QUOTE(deff @ Feb 3 2007 said:


> QUOTE(4saken @ Feb 3 2007 said:
> 
> 
> > So I guess G6DS Real will be released first? That makes it kind of pointless to release a Simply version wouldn't it?
> ...



I'm sure it is:

1. External Flash Card
2. External Flash Memory Card
3. Transflash Memory Card
4. Micro-SD Memory Card


----------



## xalphax (Feb 3, 2007)

sounds awesome!!


----------



## Monkey01 (Feb 3, 2007)

QUOTE(zneon @ Feb 3 2007 said:


> Forgive my ignorance here, but what's the difference going to be between the M3 Simply and the M3 Real, for instance?


The M3 Simply was made by R4 (and restickered by M3), while the M3 Real will be from the M3 team.
For now the only known differences are that M3 Real will support a some sort of Mimic function, which will most probably boot a game without even showing the M3 menu or something.
Also I believe they promised something with GBA compatibility, most probably in combination with a Slot2 cart, not much details from this though.
Also the interface will probably be somewhat different and it will probably cost more money...


----------



## OSW (Feb 3, 2007)

Oh and these better not be rediculously priced.


----------



## imgod22222 (Feb 3, 2007)

SON OF A ______! And i JUST bought an R4! -.-


well... maybe ill get one, but probably not.


----------



## quartercast (Feb 3, 2007)

I wonder how the G6-USB interface will be implemented... I hope it's via a USB card reader and not the excruciatingly slow NDSGBA FireLine slot-2 cart.


----------



## spokenrope (Feb 3, 2007)

QUOTE(imgod22222 @ Feb 3 2007 said:


> SON OF A ______! And i JUST bought an R4! -.-
> 
> 
> well... maybe ill get one, but probably not.
> ...



Could somebody please explain to me why these carts, just like the DS-X have their memory measured in bits?  Nobody fucking uses bits.  It's not hard to convert, but all this does is result in confusion when newbies start to become interested in the product.


----------



## Mars (Feb 3, 2007)

Hmm ... I may want to hold off on buying an R4


----------



## TM_Sephiroth (Feb 3, 2007)

Wow!
16Gbit...
So it's 2GB of space?


----------



## Monkey01 (Feb 3, 2007)

QUOTE(spokenrope @ Feb 3 2007 said:


> Could somebody please explain to me why these carts, just like the DS-X have their memory measured in bits?Â Nobody fucking uses bits.Â It's not hard to convert, but all this does is result in confusion when newbies start to become interested in the product.

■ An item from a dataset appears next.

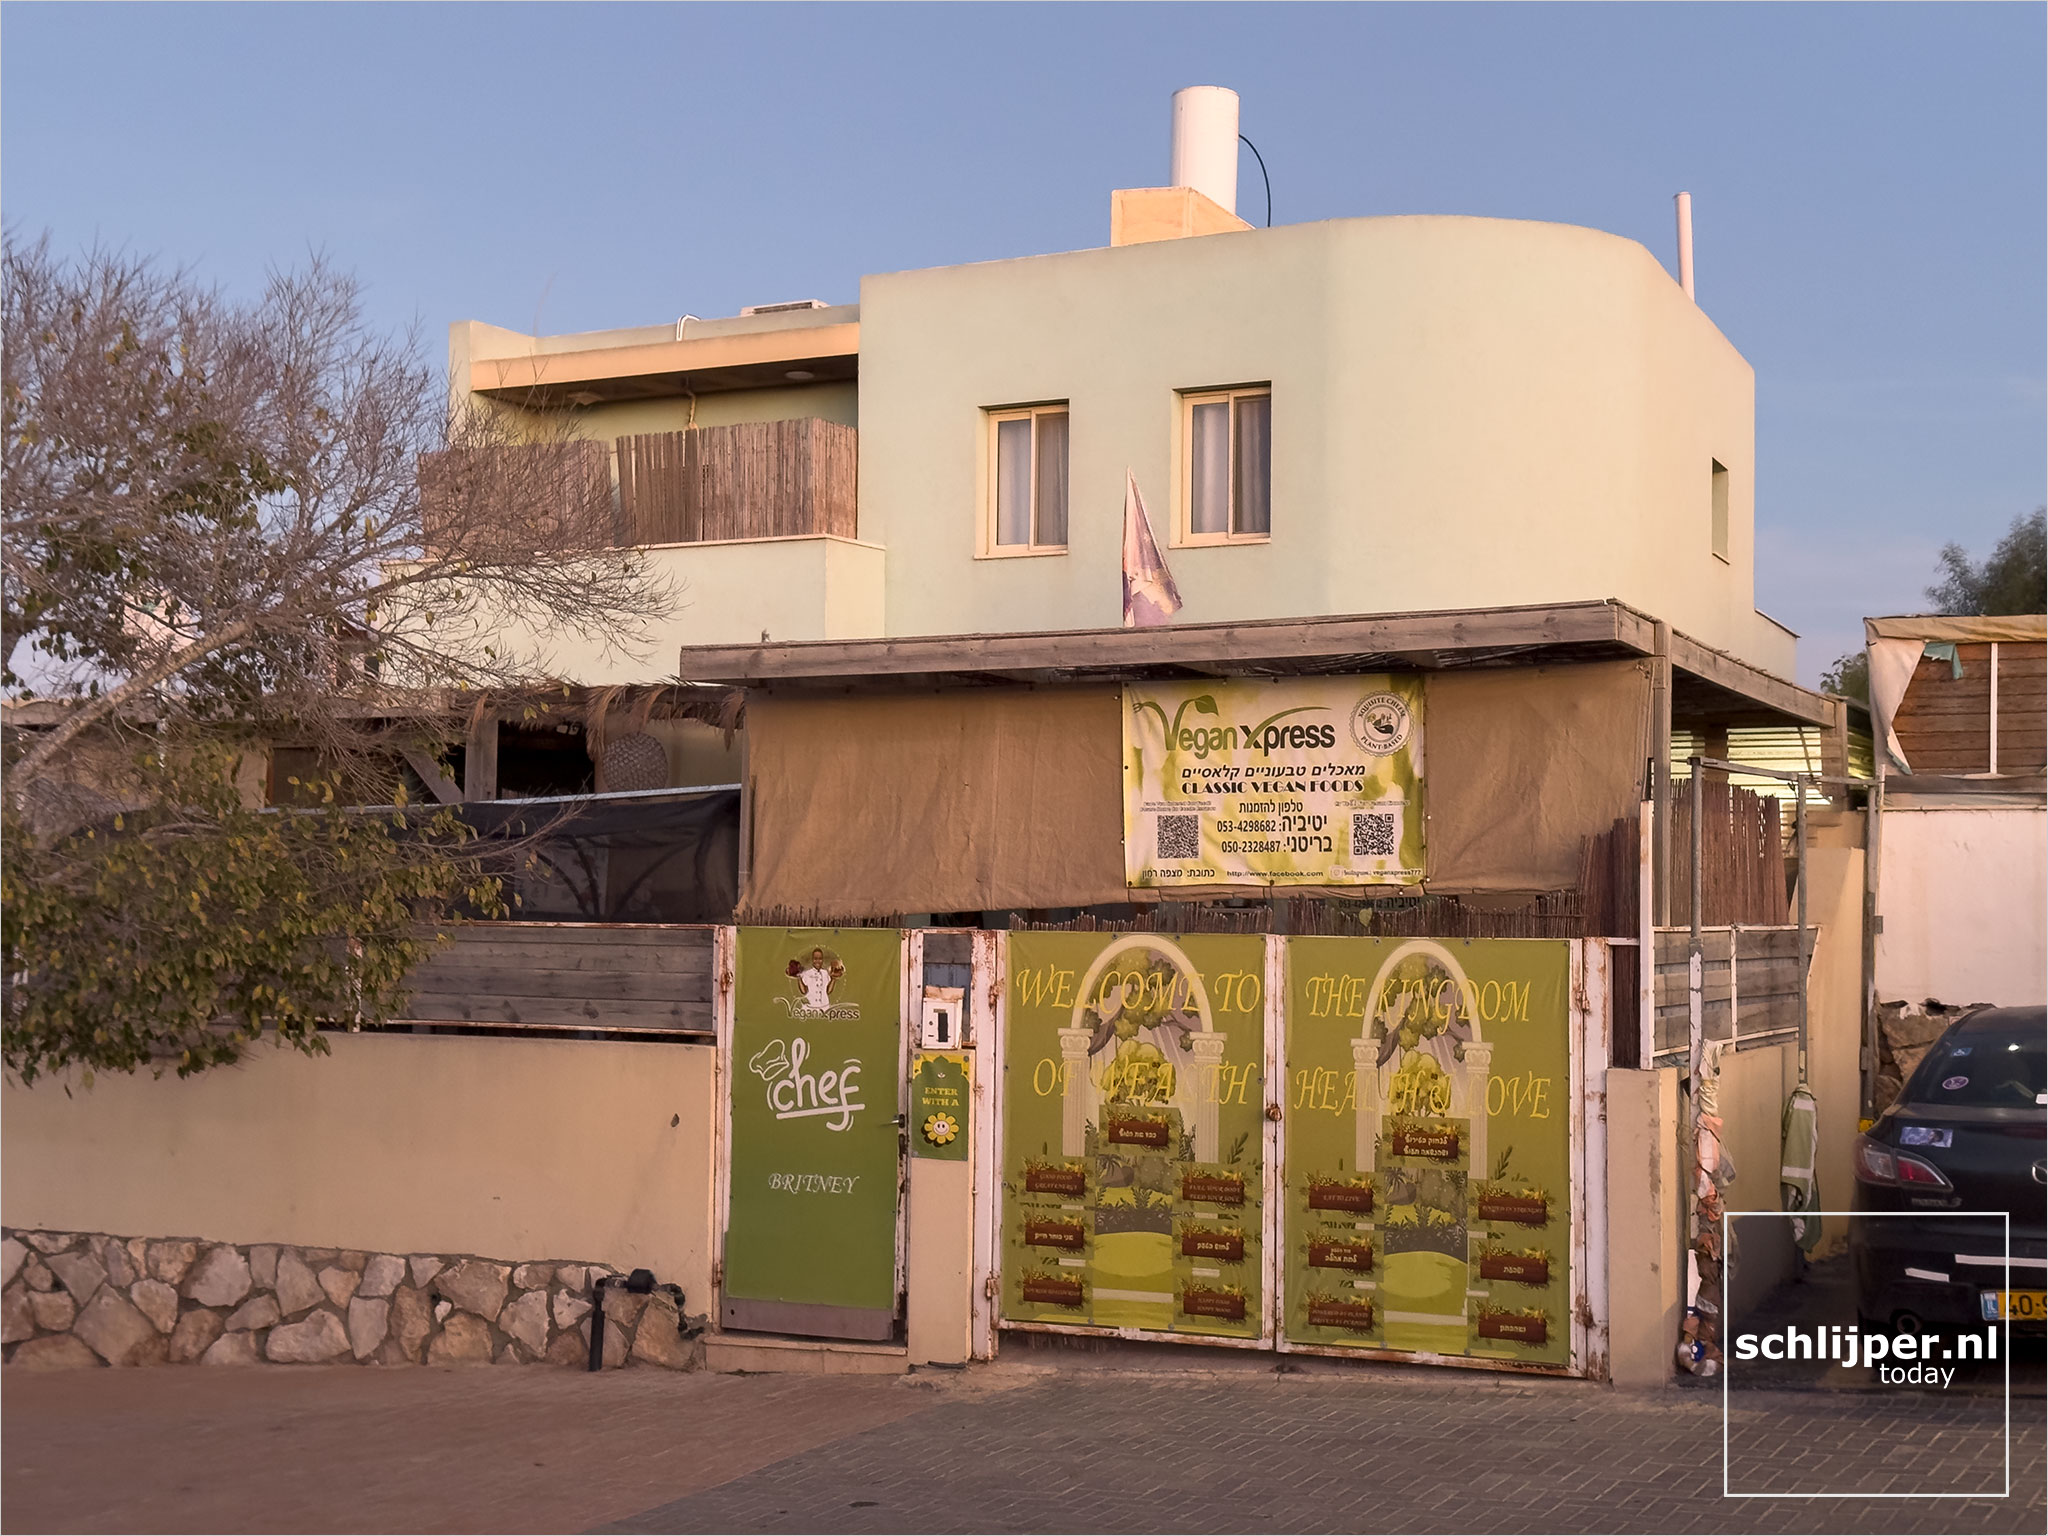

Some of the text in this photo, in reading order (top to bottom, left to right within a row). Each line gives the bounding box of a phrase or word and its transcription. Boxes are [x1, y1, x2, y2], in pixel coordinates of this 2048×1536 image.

If it would say 2GB, people would think, hmmpf then I take DS-X, that one has 4gb. So if other companies decide to put their stuff in bits, I think the rest is forced to do so as well, to make the product not look 8 times smaller.
Also that nobody uses bits is quite untrue, check out the rom sizes at the Nintendo DS Release Information: "ROM Size   	 512Mbit" it's in Mbits too. 
	

	
	
		
		

		
			




I agree it's sort of confusing for newcomers in the flashcart stuff though...


----------



## Psyfira (Feb 3, 2007)

QUOTE(spokenrope @ Feb 3 2007 said:


> Could somebody please explain to me why these carts, just like the DS-X have their memory measured in bits?Â Nobody fucking uses bits.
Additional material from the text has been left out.